Three justices dissented with the court’s decision, arguing that police impersonating someone in a text message exchange is highly intrusive, calling it “hijacking an existing identity” that exploits “an existing relationship between two private actors, which has the potential to reveal to police deeply personal information.”
Police interception of text messages or other digital communications typically require prior judicial authorization, given the intrusive nature reading a target’s private messages.
Under the Charter of Rights and Freedoms, Canadians enjoy a reasonable expectation of privacy – including in their electronic communications – and are protected from unreasonable search and seizure at the hands of police.
In exceptional circumstances, law enforcement officials can take actions that normally require a warrant without first getting a judge to sign off. These are known as “exigent” circumstances – think asking telecom companies for cellphone data if it is believed a person is in imminent and serious danger.
Even though they agreed the Guelph police actions were justified, the majority opinion noted that law enforcement officials “cannot peruse the contents of a phone at liberty and without any limits.”
“However, their actions may be appropriate if they limit and circumscribe the scope of their conduct to the investigation before them,” the majority ruled.
“In the instant case, the police were at liberty to view and respond to the four text messages from (Campbell) that they passively received and observed on (their suspect’s) lawfully seized phone.”
In the dissenting opinion, Justices argued that police are able to seize cellphones and search text messages – so long as they get a warrant, first. Furthermore, the facts of this specific case “do not establish an imminent safety risk justifying warrantless police action, the justices argued.
“In contrast to a phone conversation, where the police’s ability to impersonate a person known to the caller is limited, within a text conversation, the potential for police to impersonate the recipient and deceive the sender is limited only by their opportunities to do so and the strictures of the law,” the dissenting opinion read.
“It would gravely impact one’s trust in general, and one’s trust in the state, if the last text message received from an acquaintance or family member was, instead, from the police in disguise.”
“Recognizing that in a free and democratic society the privacy claim in personal text message conversations between individuals known to one another must be beyond state intrusion … does not thwart the ability of police to investigate crimes and uncover evidence through searches. It simply requires the police to have lawful authority to do so.”

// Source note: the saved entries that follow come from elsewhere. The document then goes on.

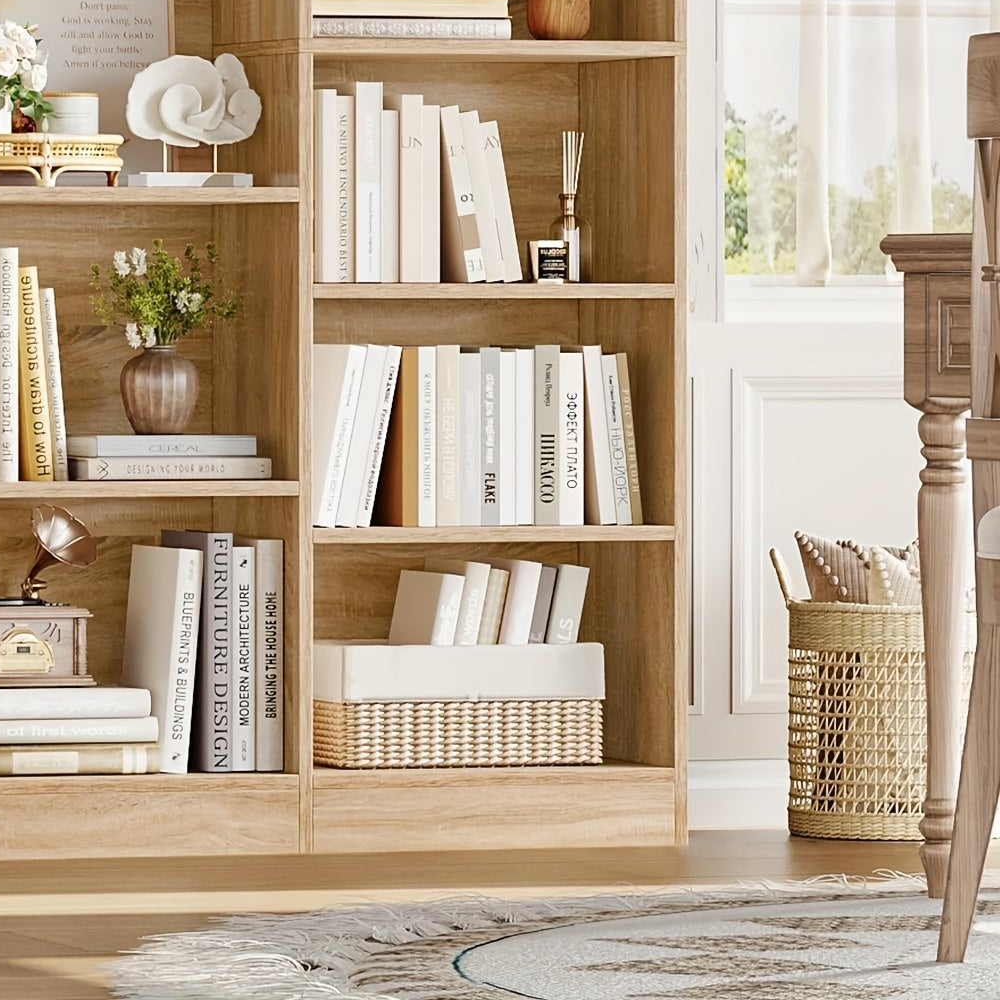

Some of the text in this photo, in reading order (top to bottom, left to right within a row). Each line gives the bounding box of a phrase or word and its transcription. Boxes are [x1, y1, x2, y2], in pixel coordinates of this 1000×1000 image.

[62, 16, 81, 25] God
[79, 30, 95, 39] and
[97, 30, 120, 39] allow
[123, 30, 143, 40] God
[145, 30, 154, 40] to
[63, 60, 117, 70] Amen you
[339, 177, 347, 248] INCENDIARIO
[127, 465, 226, 475] DESIGNING YOUR WORLD
[540, 434, 555, 504] ПИКАССО
[566, 392, 578, 489] ЭФФЕКТ ПЛАТО
[609, 427, 628, 505] НЬЮ-ЙОРК
[484, 472, 496, 504] FLAKE
[171, 592, 195, 741] BLUEPRINTS & BUILDINGS
[213, 538, 228, 769] FURNITURE DESIGN
[239, 584, 250, 727] MODERN ARCHITECTURE
[265, 591, 277, 719] BRINGING THE HOUSE HOME
[7, 725, 26, 738] of
[31, 725, 65, 738] first
[70, 725, 127, 738] words

In a statement Friday afternoon, the British Columbia Civil Liberties Association (BCCLA) said they were encouraged the Supreme Court’s majority opinion affirmed individuals’ reasonable expectations of privacy when it came to text messages, but were concerned that the court “widened the boundaries” of what police can call an emergency.

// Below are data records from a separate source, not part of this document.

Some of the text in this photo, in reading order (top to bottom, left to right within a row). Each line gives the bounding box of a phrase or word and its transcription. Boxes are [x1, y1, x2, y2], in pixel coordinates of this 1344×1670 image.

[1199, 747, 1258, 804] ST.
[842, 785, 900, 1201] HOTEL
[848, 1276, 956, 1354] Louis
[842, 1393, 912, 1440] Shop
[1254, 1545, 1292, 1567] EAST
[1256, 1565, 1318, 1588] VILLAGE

“Warrantless searches should only be conducted when there is a bona fide emergency marked by a significant degree of immediacy that overrides an individual’s privacy rights and the state’s obligation to apply for a warrant,” the organization said.
“The doctrine does not permit the police to create or maintain an urgent circumstance to skirt prior judicial authorization nor does it contemplate the police participating in maintaining urgency for investigative purposes.”